Activity
Exclude the pictures; give every entry again exactly as written.

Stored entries

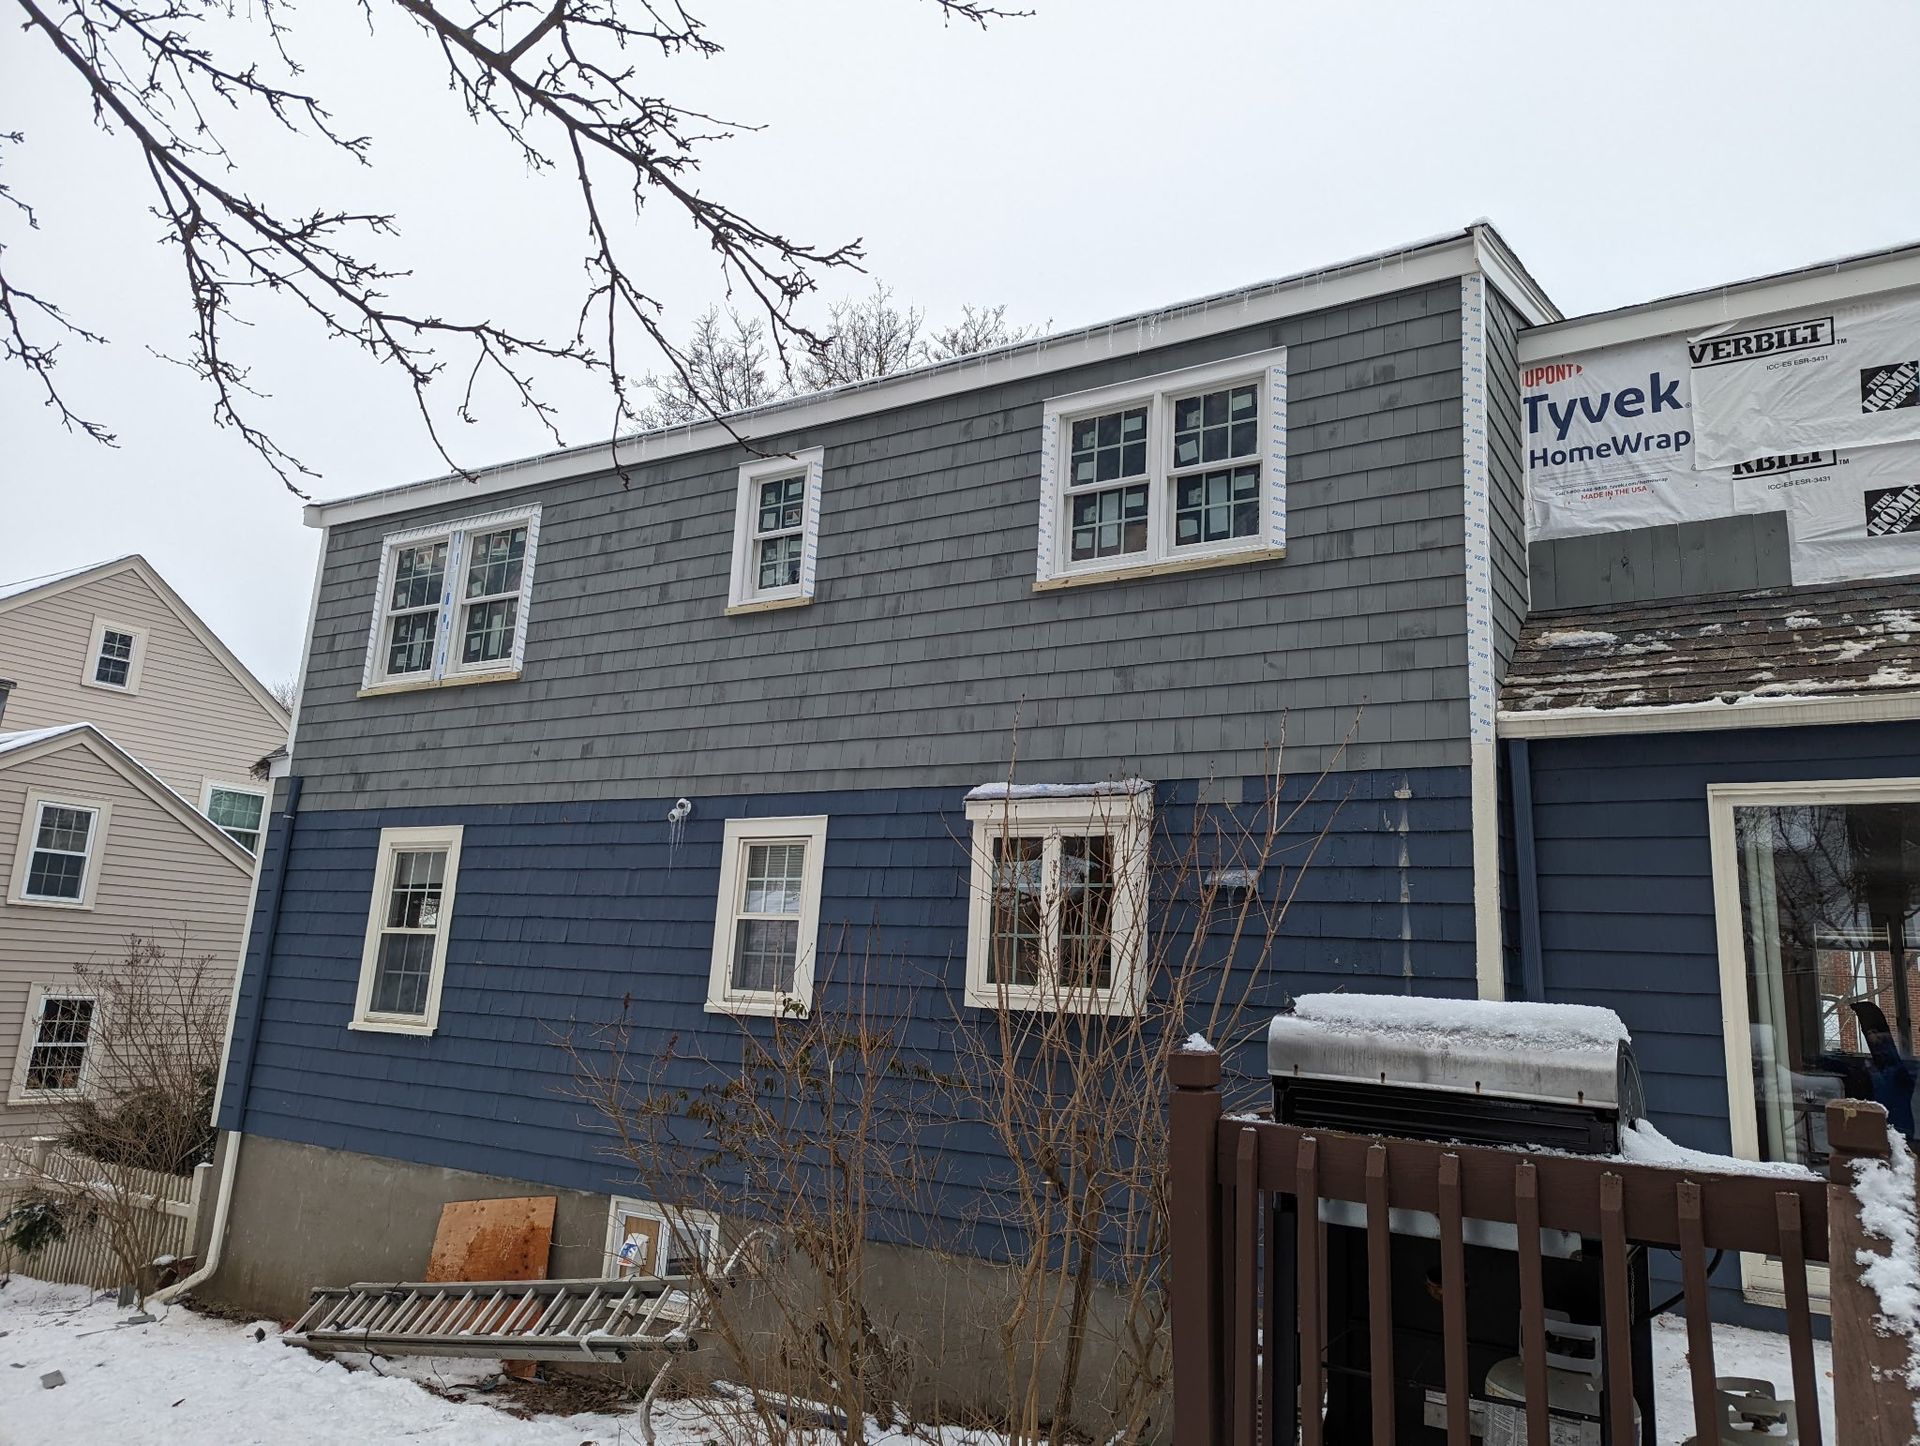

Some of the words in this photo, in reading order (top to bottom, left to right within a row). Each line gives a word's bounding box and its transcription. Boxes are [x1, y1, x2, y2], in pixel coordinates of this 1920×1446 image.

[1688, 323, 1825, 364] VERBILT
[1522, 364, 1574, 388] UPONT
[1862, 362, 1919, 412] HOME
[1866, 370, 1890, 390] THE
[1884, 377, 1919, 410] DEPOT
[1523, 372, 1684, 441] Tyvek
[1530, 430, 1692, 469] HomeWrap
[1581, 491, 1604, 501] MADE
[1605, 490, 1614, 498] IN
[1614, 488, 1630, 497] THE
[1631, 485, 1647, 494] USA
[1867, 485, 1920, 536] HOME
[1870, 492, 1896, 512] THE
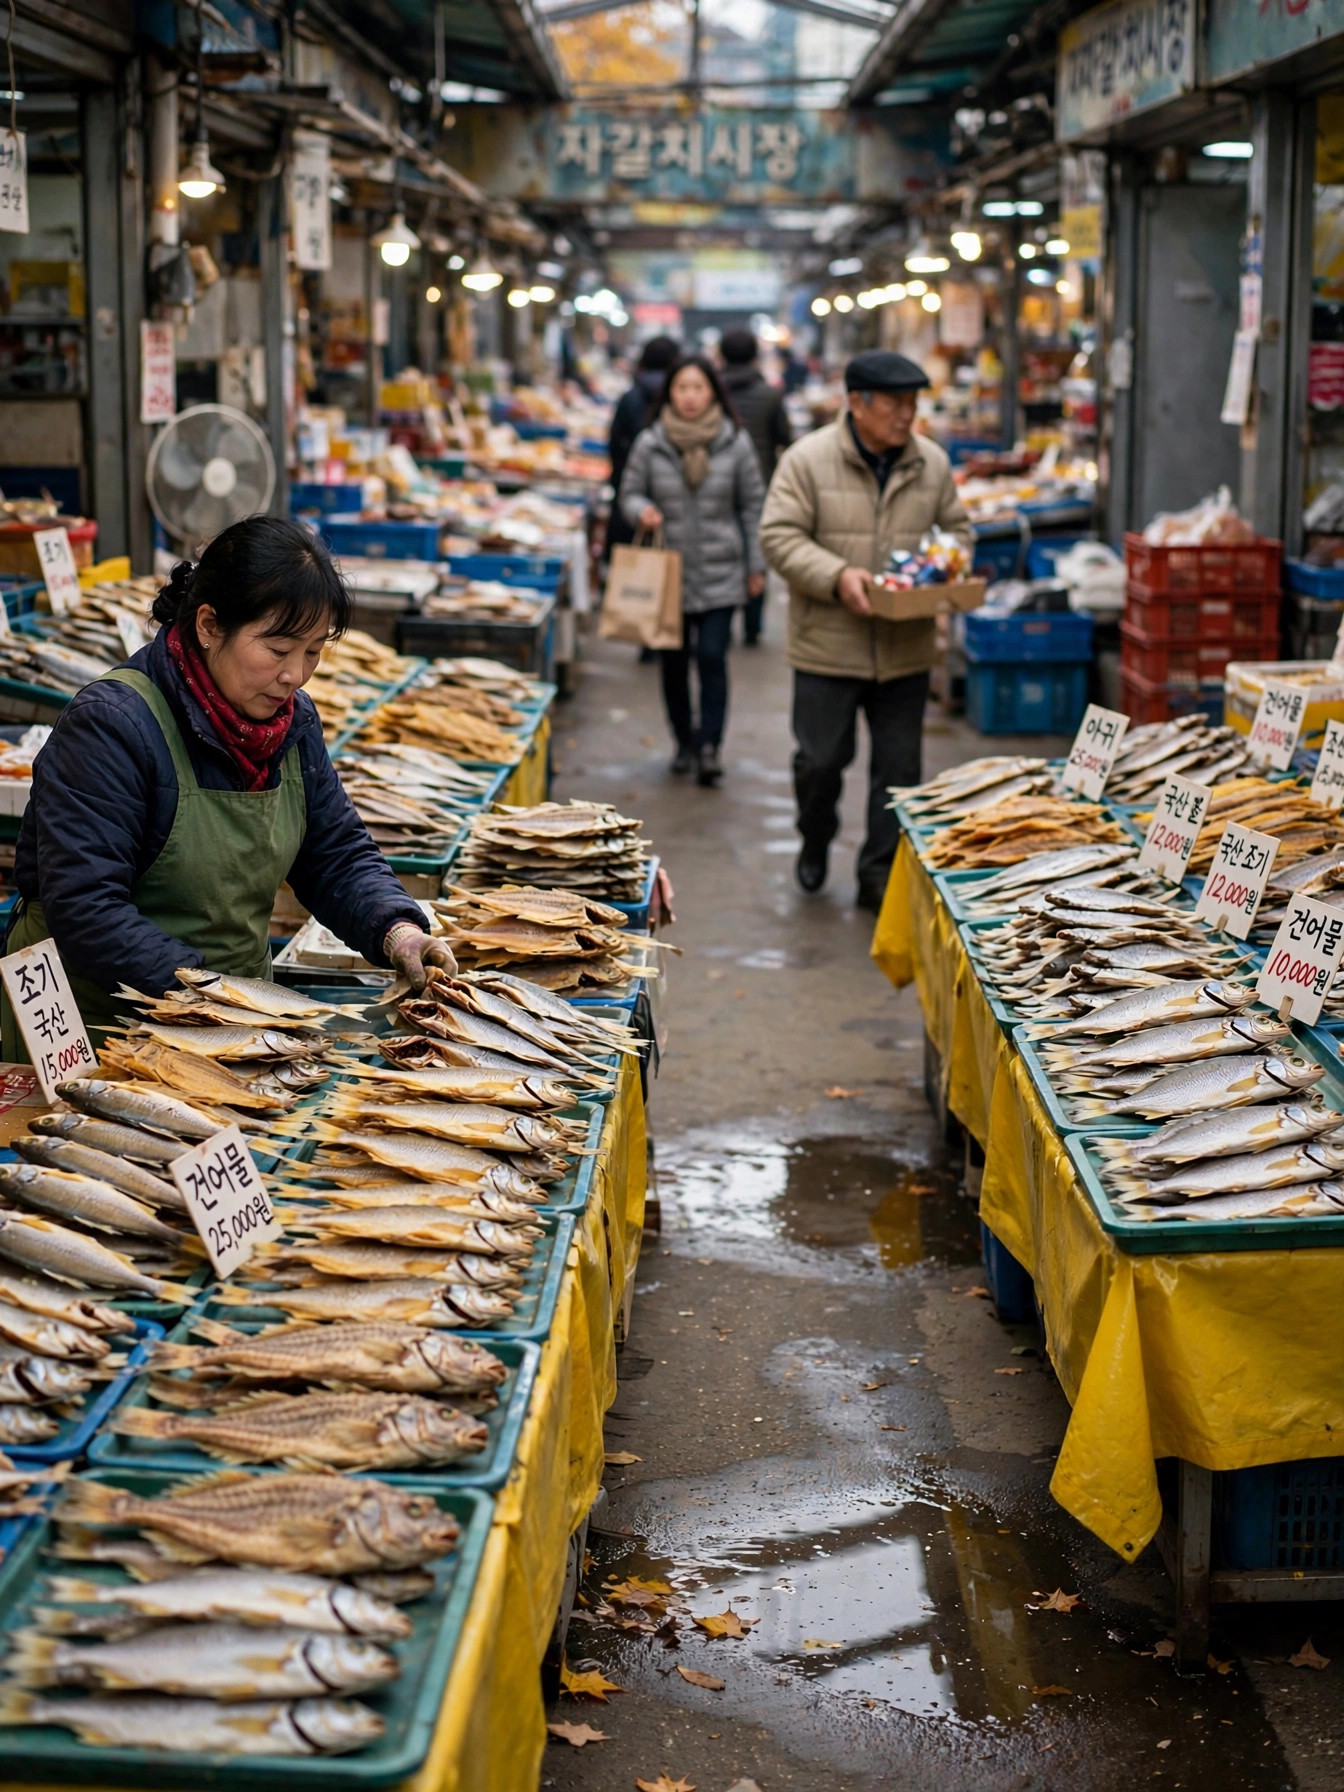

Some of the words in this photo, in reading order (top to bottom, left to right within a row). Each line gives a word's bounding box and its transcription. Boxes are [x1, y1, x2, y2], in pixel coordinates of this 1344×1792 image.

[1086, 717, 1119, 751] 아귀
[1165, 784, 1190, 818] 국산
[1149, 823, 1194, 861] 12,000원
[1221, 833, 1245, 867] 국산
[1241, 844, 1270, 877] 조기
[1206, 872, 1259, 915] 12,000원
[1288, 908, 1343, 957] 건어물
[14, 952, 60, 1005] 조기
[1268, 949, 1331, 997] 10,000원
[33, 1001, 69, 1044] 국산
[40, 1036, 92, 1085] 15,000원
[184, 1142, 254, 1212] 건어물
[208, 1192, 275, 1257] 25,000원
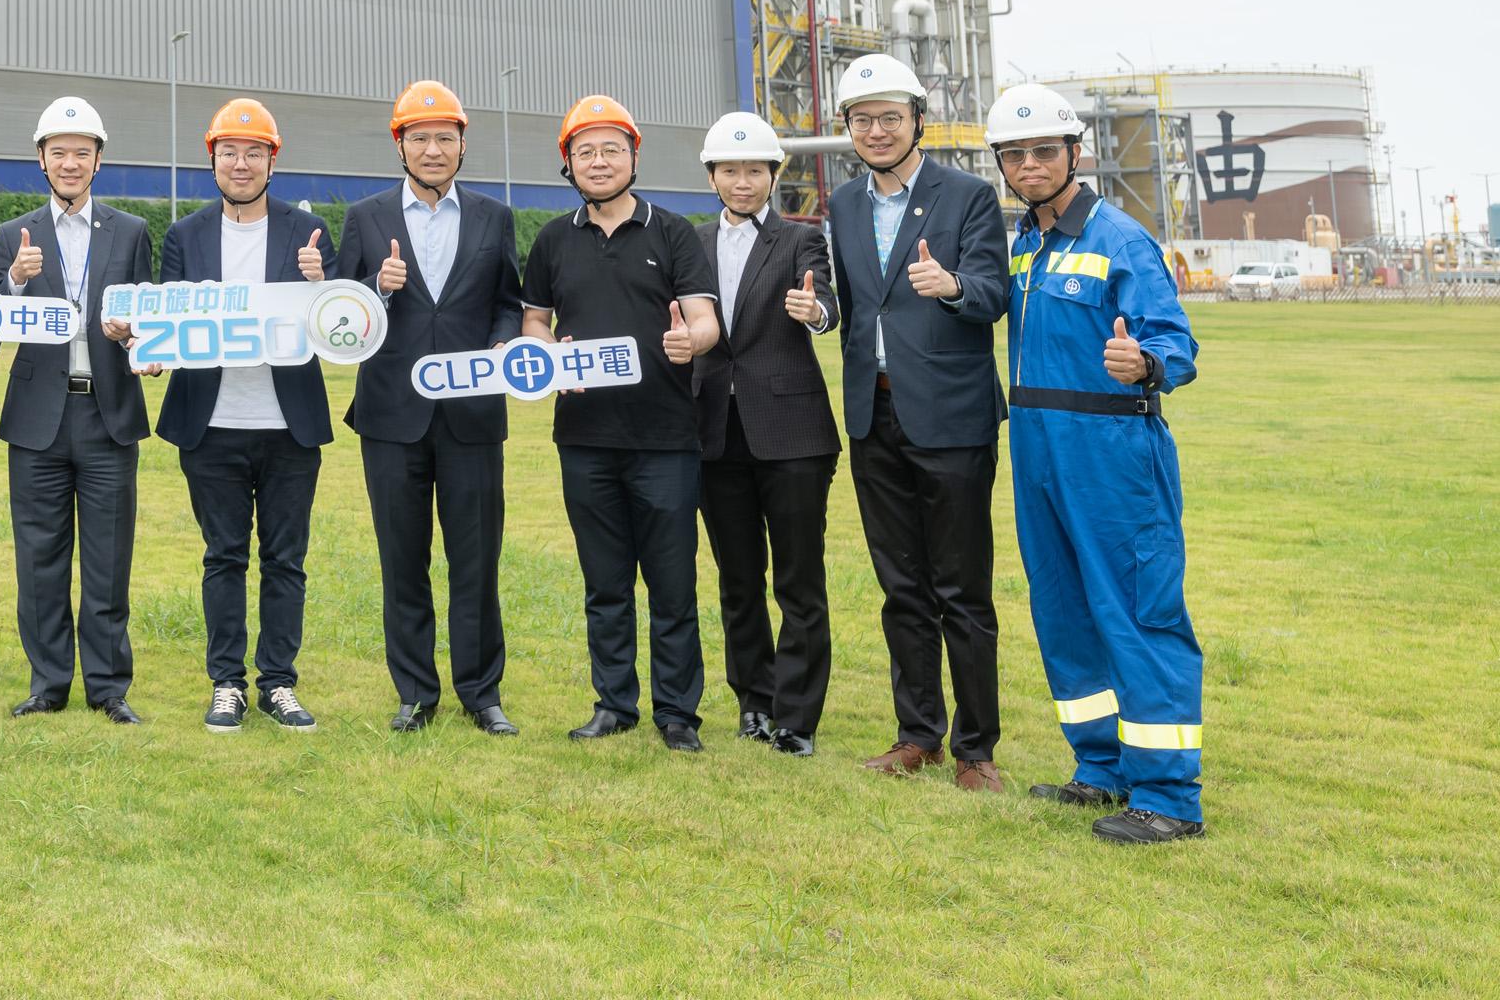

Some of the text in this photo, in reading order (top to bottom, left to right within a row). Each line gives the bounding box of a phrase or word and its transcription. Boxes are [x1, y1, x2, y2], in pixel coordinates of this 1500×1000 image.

Result below
Some of the words in this photo, in reading order (top to bottom, left to right within a row). Each line gives a word's bounding box and its transcription. Boxes are [x1, y1, x2, y2], in pixel coordinates of this 1920×1446 image.

[1688, 323, 1825, 364] VERBILT
[1522, 364, 1574, 388] UPONT
[1862, 362, 1919, 412] HOME
[1866, 370, 1890, 390] THE
[1884, 377, 1919, 410] DEPOT
[1523, 372, 1684, 441] Tyvek
[1530, 430, 1692, 469] HomeWrap
[1581, 491, 1604, 501] MADE
[1605, 490, 1614, 498] IN
[1614, 488, 1630, 497] THE
[1631, 485, 1647, 494] USA
[1867, 485, 1920, 536] HOME
[1870, 492, 1896, 512] THE

Some of the words in this photo, in reading order (top to bottom, left to right within a row). Each line gives a word's bounding box and its transcription. Boxes are [x1, y1, x2, y2], in pixel coordinates of this 1344×1792 image.

[1086, 717, 1119, 751] 아귀
[1165, 784, 1190, 818] 국산
[1149, 823, 1194, 861] 12,000원
[1221, 833, 1245, 867] 국산
[1241, 844, 1270, 877] 조기
[1206, 872, 1259, 915] 12,000원
[1288, 908, 1343, 957] 건어물
[14, 952, 60, 1005] 조기
[1268, 949, 1331, 997] 10,000원
[33, 1001, 69, 1044] 국산
[40, 1036, 92, 1085] 15,000원
[184, 1142, 254, 1212] 건어물
[208, 1192, 275, 1257] 25,000원

Some of the text in this photo, in reading order (top to bottom, left to right within a row). Each line gives the bounding box of a phrase or word and its transcription. Boxes are [x1, y1, x2, y2], in pixel coordinates of this 1500×1000 image.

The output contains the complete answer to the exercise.